A chagrined Massino thought he had been hit with a bum rap. “I never made a penny,” he griped to associates about charges that he had profited immensely from the conspiracy. The crucial testimony came from an admittedly corrupt teamsters’ official, Anthony Giliberti, who cooperated with the government after surviving a botched hit. Massino confided to other mafiosi that he had slapped around Giliberti: “I gave him a crack.” In the scale of Mafia misdeeds, he considered a mild beating as an unjust reason for indictment. Giliberti, who had been threatened by Massino, was certain that he had been behind the plot to murder him, but that accusation was not leveled against Massino.

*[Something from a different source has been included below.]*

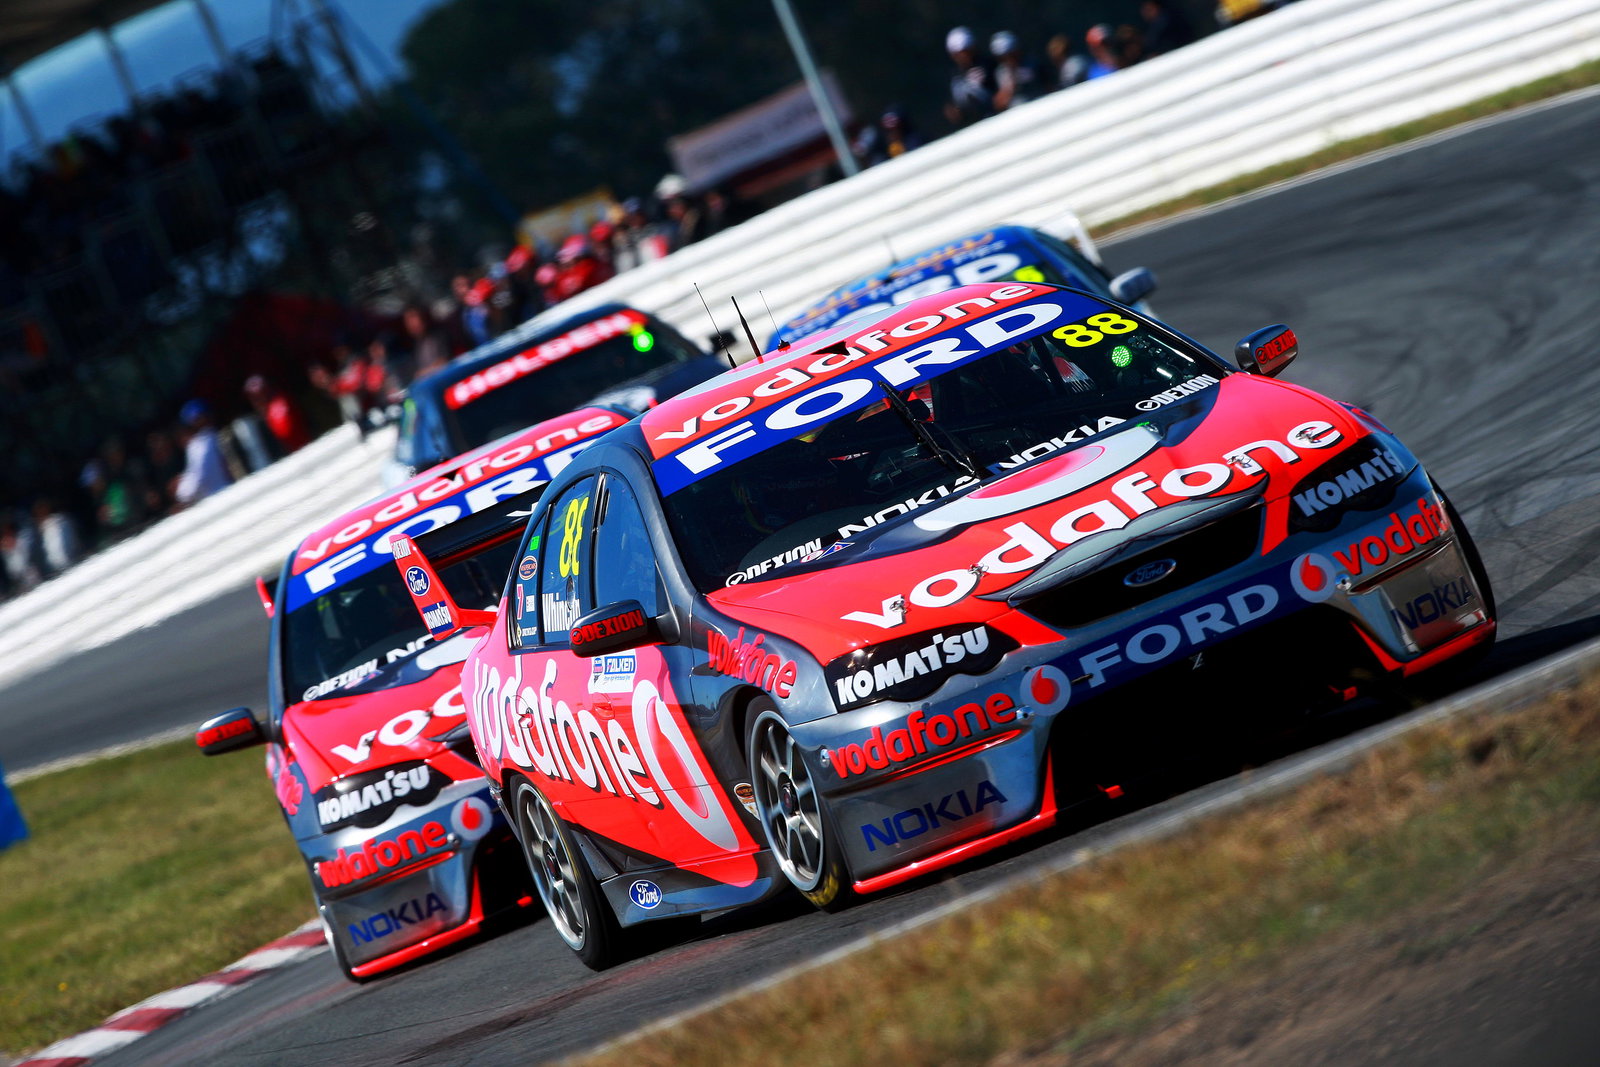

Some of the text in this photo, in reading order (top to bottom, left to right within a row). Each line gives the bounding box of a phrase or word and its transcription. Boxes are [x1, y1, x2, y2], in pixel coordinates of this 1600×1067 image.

Dressed daily in off-the-rack dark suits and sport jackets, Massino was more deferential and jovial with prosecutors and agents in the courtroom than his fellow suspects. Laura Brevetti, the lead prosecutor from the federal Organized Crime Strike Force, observed his lighthearted attitude during a recess in a nearly deserted courtroom. That day Brevetti was using a chart to illustrate rigged bids and overcharges gobbled up by a moving company accused of delivering 5 percent kickbacks to the Bonannos. Studying the chart, and referring to the excess profits made by the head of the firm, Massino snickered loud enough for the prosecutor to hear, “I think the son-of-a-bitch owes me money.” (Ironically, one Mob-inflated contract was for moving the FBI’s furniture and equipment into new downtown offices.)

Bumping into Pat Colgan in the courthouse hall, Massino had a friendly greeting for his longtime adversary. “Hey, Pat, I hear you’ve been promoted,” Massino said, revealing that he knew of the FBI agent’s appointment to a supervisory job. “I hear the same thing about you, Joey.” A huge grin was Massino’s silent reply.

Rastelli was an epileptic and Massino came to his aid several times during
the trial. Once, Massino showed his exceptional strength, prying open a telephone booth door and lifting out the trapped Rastelli during a seizure. He also comforted Rastelli and made sure he would not bite his tongue when he collapsed at the defense table. During that seizure, Rastelli’s loafers flew off, and when Massino picked them up, Brevetti heard another defendant, Nicholas “Nicky Glasses” Marangello, a former underboss, rasp, “Don’t be too quick to fill those shoes, Joe.”

Joe Pistone’s undercover work provided damaging firsthand evidence against the Bonanno gangsters. Leaving the witness box, the agent was stunned by Marangello’s naïveté. Referring to him by his pseudonym, Marangello blurted out, “Donnie, how could you do this? You’re one of us.” Testimony from Pistone and fifty prosecution witnesses convinced the jury to convict the dozen defendants. In January 1987, Rastelli was sentenced to twelve years, and Joe Massino, for the first time in his criminal life, was going to prison. The maximum sentence was ten years.

Shortly after the verdicts, Laura Brevetti, the main prosecutor, got disquieting news about Massino’s hidden hostility toward her and of a possible death threat. One of the dozen defense lawyers revealed to her that Massino, resenting the aggressive prosecution, had said under his breath, “I hope she dies of AIDS.”

When the verdicts came down, Gotti was the new Gambino boss, and an informer told the FBI that, in an attempt to ingratiate himself with his godfather, a Gambino capo had offered to place contracts on Brevetti and the presiding federal judge at the rackets trial, Eugene Nickerson. Their motive was to avenge the conviction of Gotti’s prized friend Joe Massino, and it illustrated that the Gotti-Massino axis was keenly recognized by Gambino stalwarts.